Copy the listing verbatim, excluding any images found in it.

# # #

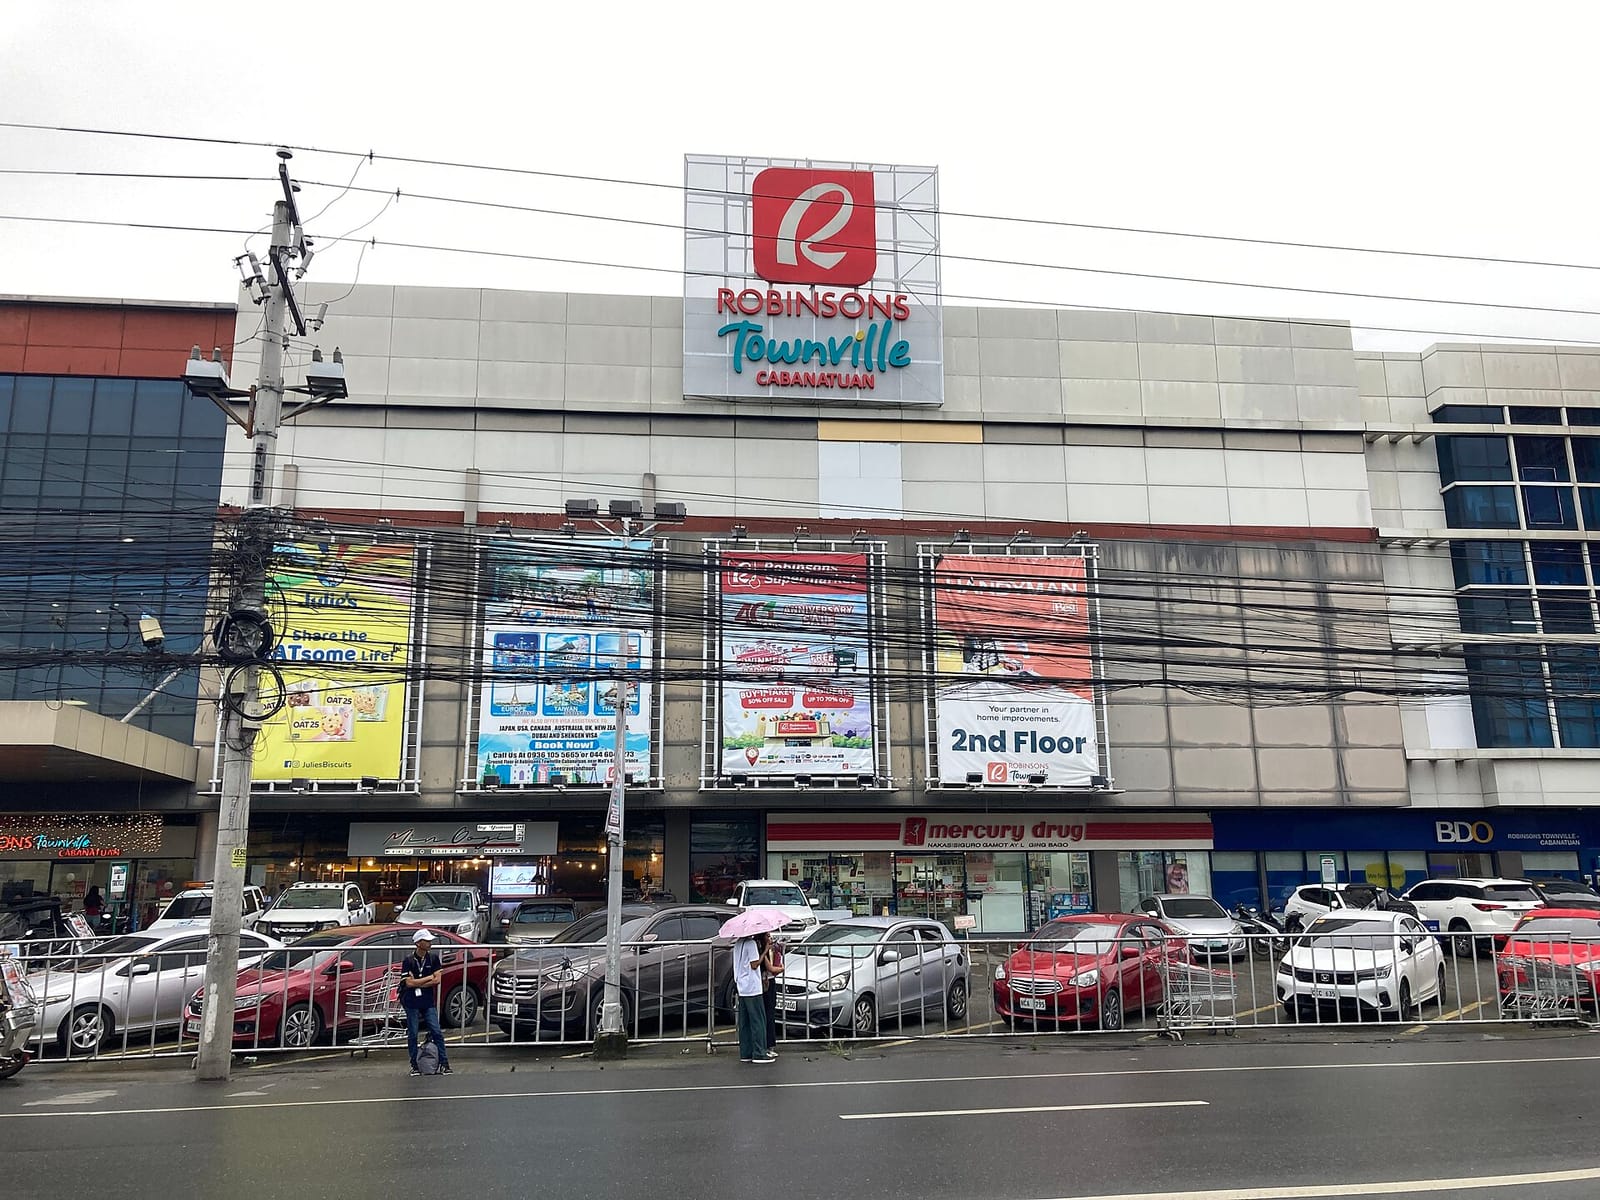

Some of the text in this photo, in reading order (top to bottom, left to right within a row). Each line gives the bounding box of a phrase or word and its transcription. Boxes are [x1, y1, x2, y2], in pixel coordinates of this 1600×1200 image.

[717, 287, 910, 320] ROBINSONS
[718, 319, 912, 373] Townville
[756, 370, 875, 389] CABANATUAN
[293, 629, 367, 641] Share the
[361, 649, 395, 662] Life!
[326, 696, 352, 705] OAT 25
[988, 705, 1007, 713] Your
[1009, 706, 1039, 714] partner
[976, 714, 1061, 723] home improvements.
[293, 721, 320, 729] OAT 25
[534, 741, 594, 749] Book Now!
[951, 728, 1087, 754] 2nd Floor
[302, 761, 352, 769] JuliesBiscuits
[1008, 762, 1049, 770] ROBINSONS
[928, 821, 1083, 842] mercury drug
[1435, 821, 1494, 844] BDO
[34, 833, 91, 850] Townville
[58, 848, 121, 858] CABANATUAN

# # #

#### Result of this exercise:
Some of the text in this photo, in reading order (top to bottom, left to right within a row). Each line gives the bounding box of a phrase or word and its transcription. Boxes are [x1, y1, x2, y2], in pixel coordinates of this 1600×1200 image.

[717, 287, 910, 320] ROBINSONS
[718, 319, 912, 373] Townville
[756, 370, 875, 389] CABANATUAN
[293, 629, 367, 641] Share the
[361, 649, 395, 662] Life!
[326, 696, 352, 705] OAT 25
[988, 705, 1007, 713] Your
[1009, 706, 1039, 714] partner
[976, 714, 1061, 723] home improvements.
[293, 721, 320, 729] OAT 25
[534, 741, 594, 749] Book Now!
[951, 728, 1087, 754] 2nd Floor
[302, 761, 352, 769] JuliesBiscuits
[1008, 762, 1049, 770] ROBINSONS
[928, 821, 1083, 842] mercury drug
[1435, 821, 1494, 844] BDO
[34, 833, 91, 850] Townville
[58, 848, 121, 858] CABANATUAN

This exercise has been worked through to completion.